Lagi-lagi, pengusaha properti ini memberikan contoh yang dialaminya. “Saya ada contoh, mengajukan SK tapi izin pertimbangan teknis dari BPN cikal bakal SK terbit. Inilah yang harus dipotong kalau mau UU Cipta Kerja benar-benar berjalan, walaupun diberi 2 tahun untuk revisi” ungkapnya memberi masukan.

Selain itu, dirinya pun meminta agar Kementerian Investasi/BKPM selaku pemegang OSS harus bisa berdiri di barisan paling depan sebagai corong pemerintah dalam memonitor dan bersinergi dengan Kementerian Agraria dan Tata Ruang/Badan Pertanahan Nasional (ATR/BPN) dalam menjalankan UU Cipta Kerja.

“Kedua kementerian ini harus bersinergi. Kalau tidak maka jadi celah terjadinya mafia perizinan. Kasihan rakyat tiba-tiba kehilangan tanah yang menjadi miliknya oleh mafia tanah,” ujarnya.

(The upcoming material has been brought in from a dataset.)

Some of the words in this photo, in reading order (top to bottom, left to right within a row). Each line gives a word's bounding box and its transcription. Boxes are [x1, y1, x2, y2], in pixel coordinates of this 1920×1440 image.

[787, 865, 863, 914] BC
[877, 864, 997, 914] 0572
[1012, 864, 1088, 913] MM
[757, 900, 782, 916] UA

“Padahal di UU Cipta Kerja sudah mengatur barang siapa yang memiliki tanah, maka dia boleh mengajukan izin. Saya punya tanah, saya mau bangun harus nunggu izin orang lain berakhir. Harusnya secara otomatis yang tidak punya tanah gugur. Regulasi itu harus dijalankan, bongkar itu mafia perizinan,” tegasnya.

Dia hanya ingin, niatan pemerintah di bawah kepemimpinan Presiden Joko Widodo yang ingin membangun Indonesia dengan mendorong investasi, mempercepat transformasi ekonomi, menyelaraskan kebijakan pusat-daerah, memberi kemudahan berusaha, mengatasi masalah regulasi yang tumpang tindih, serta untuk menghilangkan ego sektoral.

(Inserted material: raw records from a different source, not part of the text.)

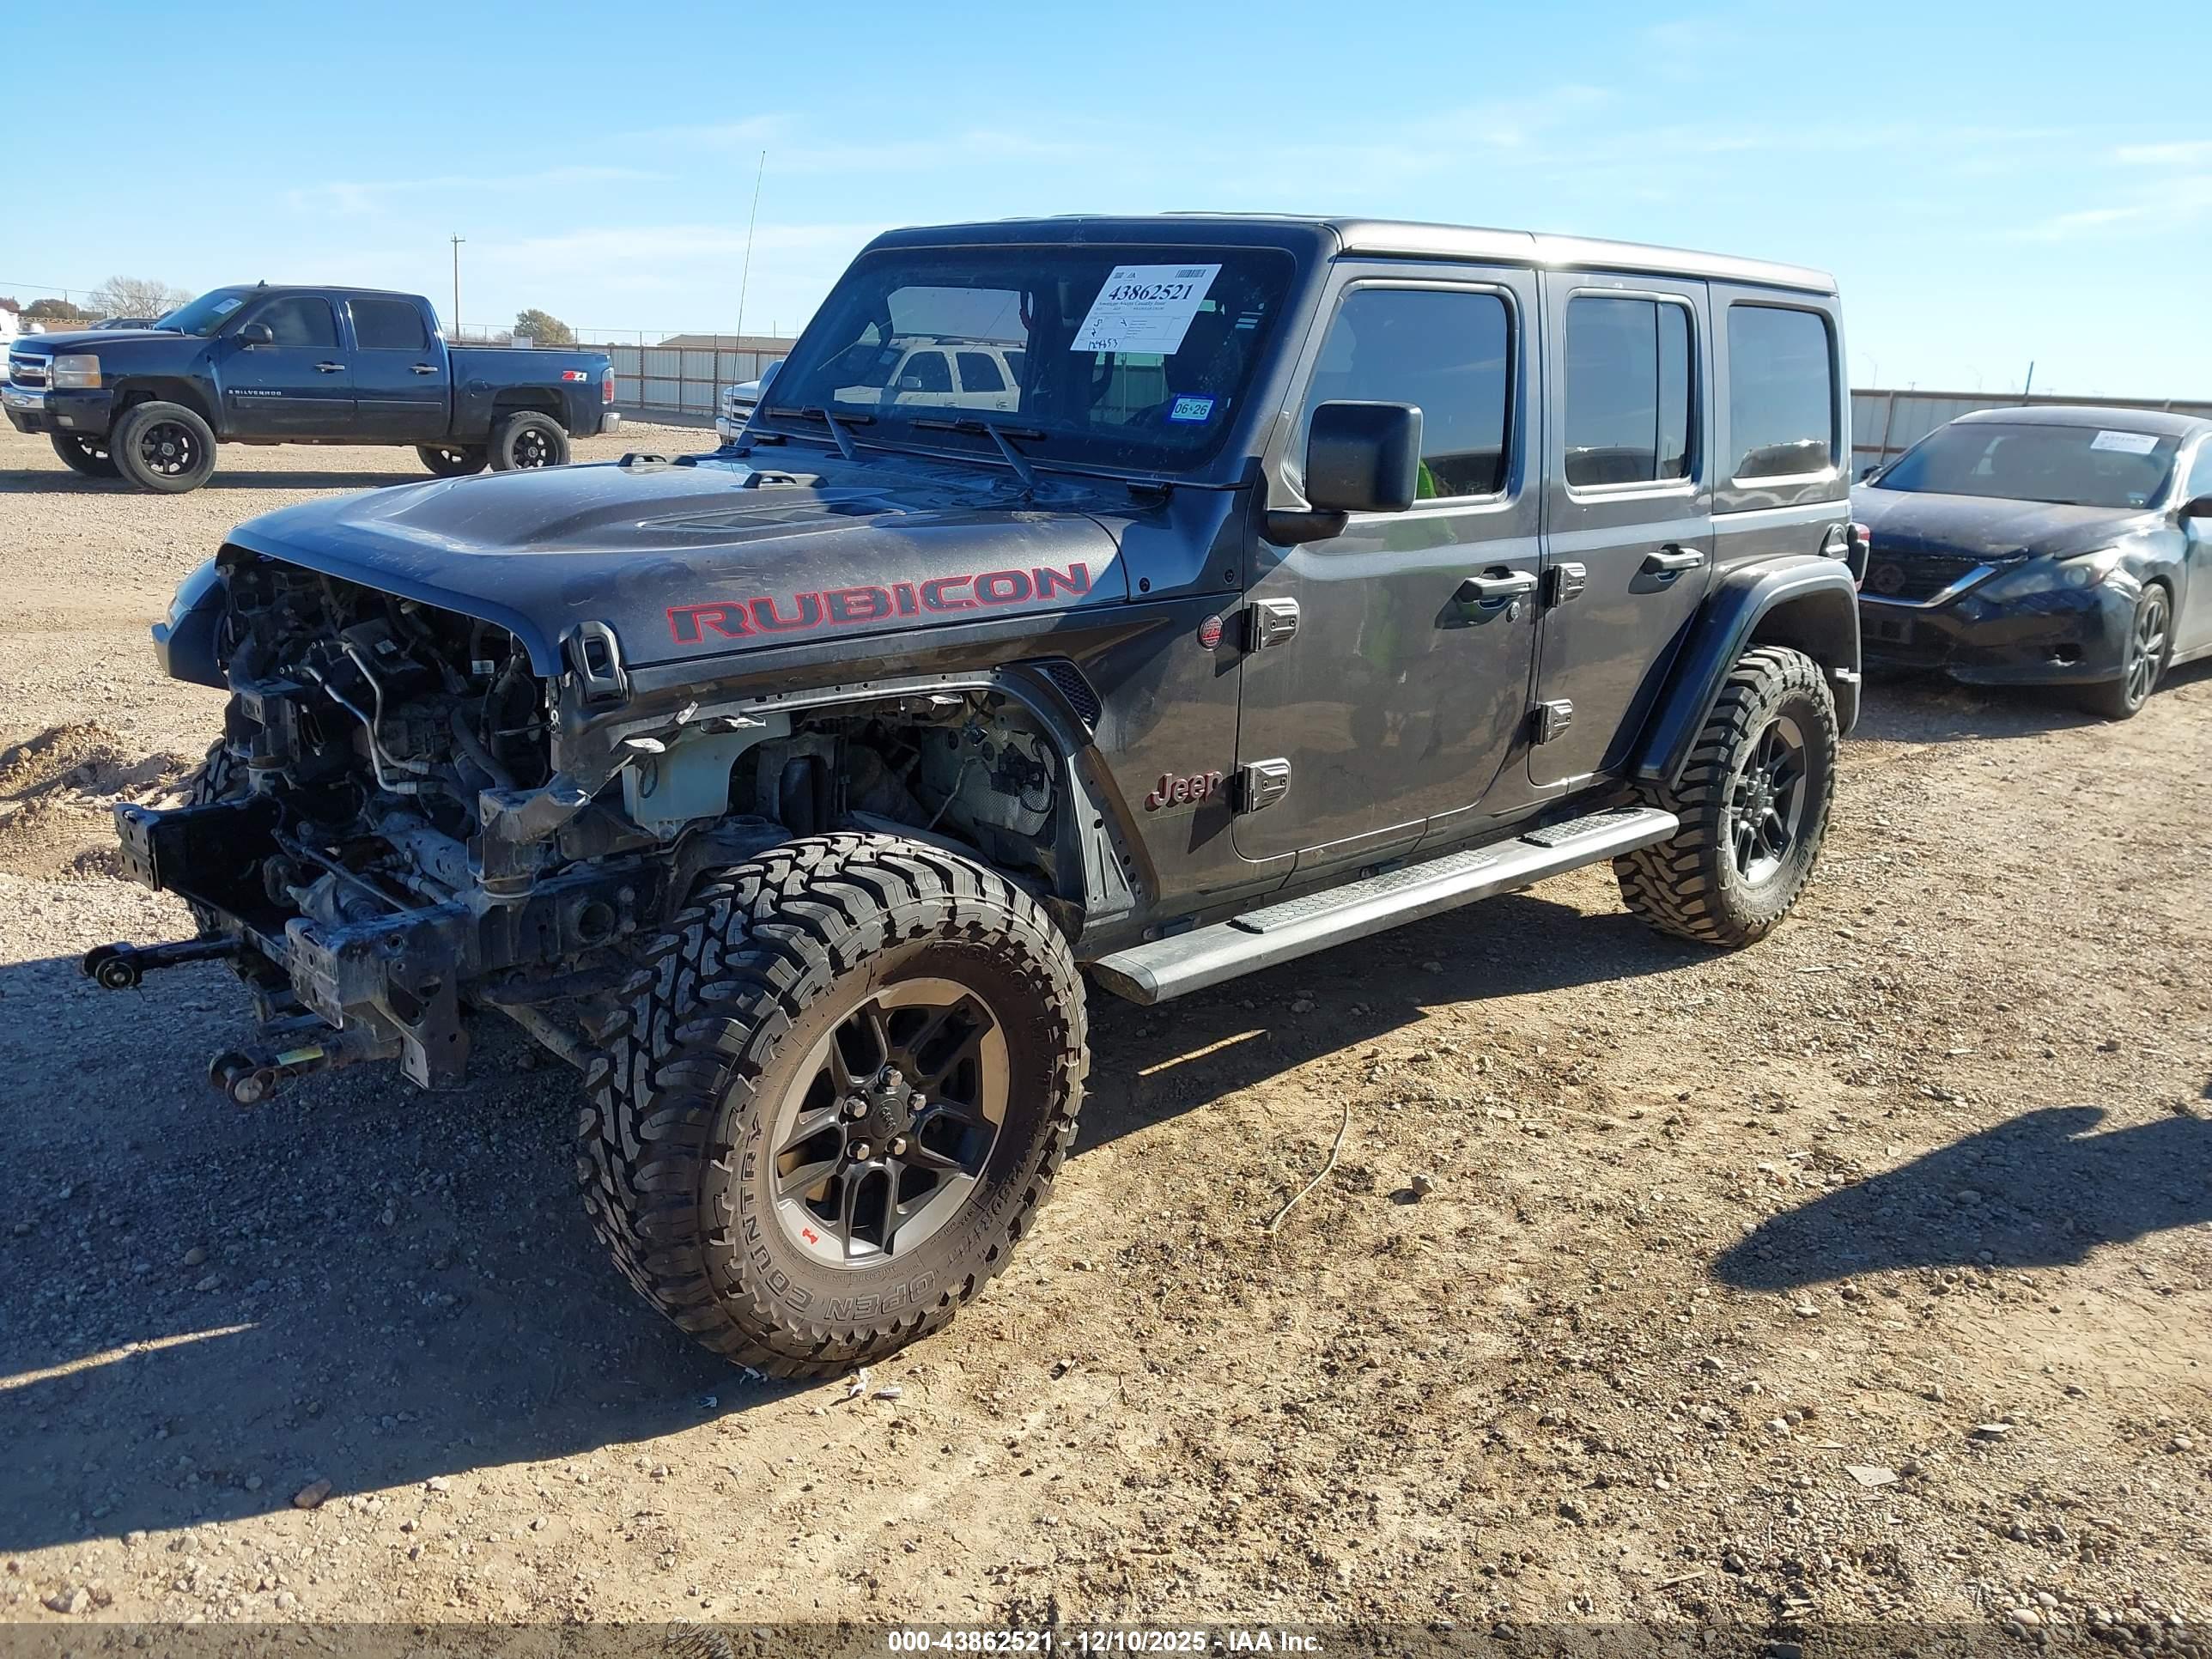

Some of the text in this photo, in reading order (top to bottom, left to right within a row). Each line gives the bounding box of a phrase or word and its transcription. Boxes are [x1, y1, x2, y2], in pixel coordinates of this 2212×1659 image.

[1109, 284, 1194, 300] 43862521
[562, 371, 587, 381] Z71
[666, 563, 1091, 645] RUBICON
[1146, 771, 1224, 807] Jeep
[740, 1110, 935, 1322] OPEN COUNTRY

“Kita lihat secara nyata saja UU Cipta Kerja dilahirkan pada saat pandemi Covid-19. Dibandingkan dengan negara-negara lain, stabilitas ekonomi kota masih jauh lebih baik. Ini dikarenakan pemerintah membangun infrastruktur yang bersinergi dengan kawasan industri sebagai daya tarik investasi asing masuk,” ujarnya.

“Investor masuk, kawasan industri tumbuh, menyerap tenaganya kerja, terjadi peningkatan pendapatan dan sekaligus menurunkan angka pengangguran serta terjadi pertumbuhan ekonomi baik di daerah maupun pusat.”

“Barang yang sudah bagus ini jangan sampai rusak oleh mafia perizinan. Bisa rusak nanti Indonesia di mata investor asing. Korbannya rakyat Indonesia juga. Ini yang harus diberantas, sesuai semangat UU Cipta Kerja,” pungkasnya. (TN)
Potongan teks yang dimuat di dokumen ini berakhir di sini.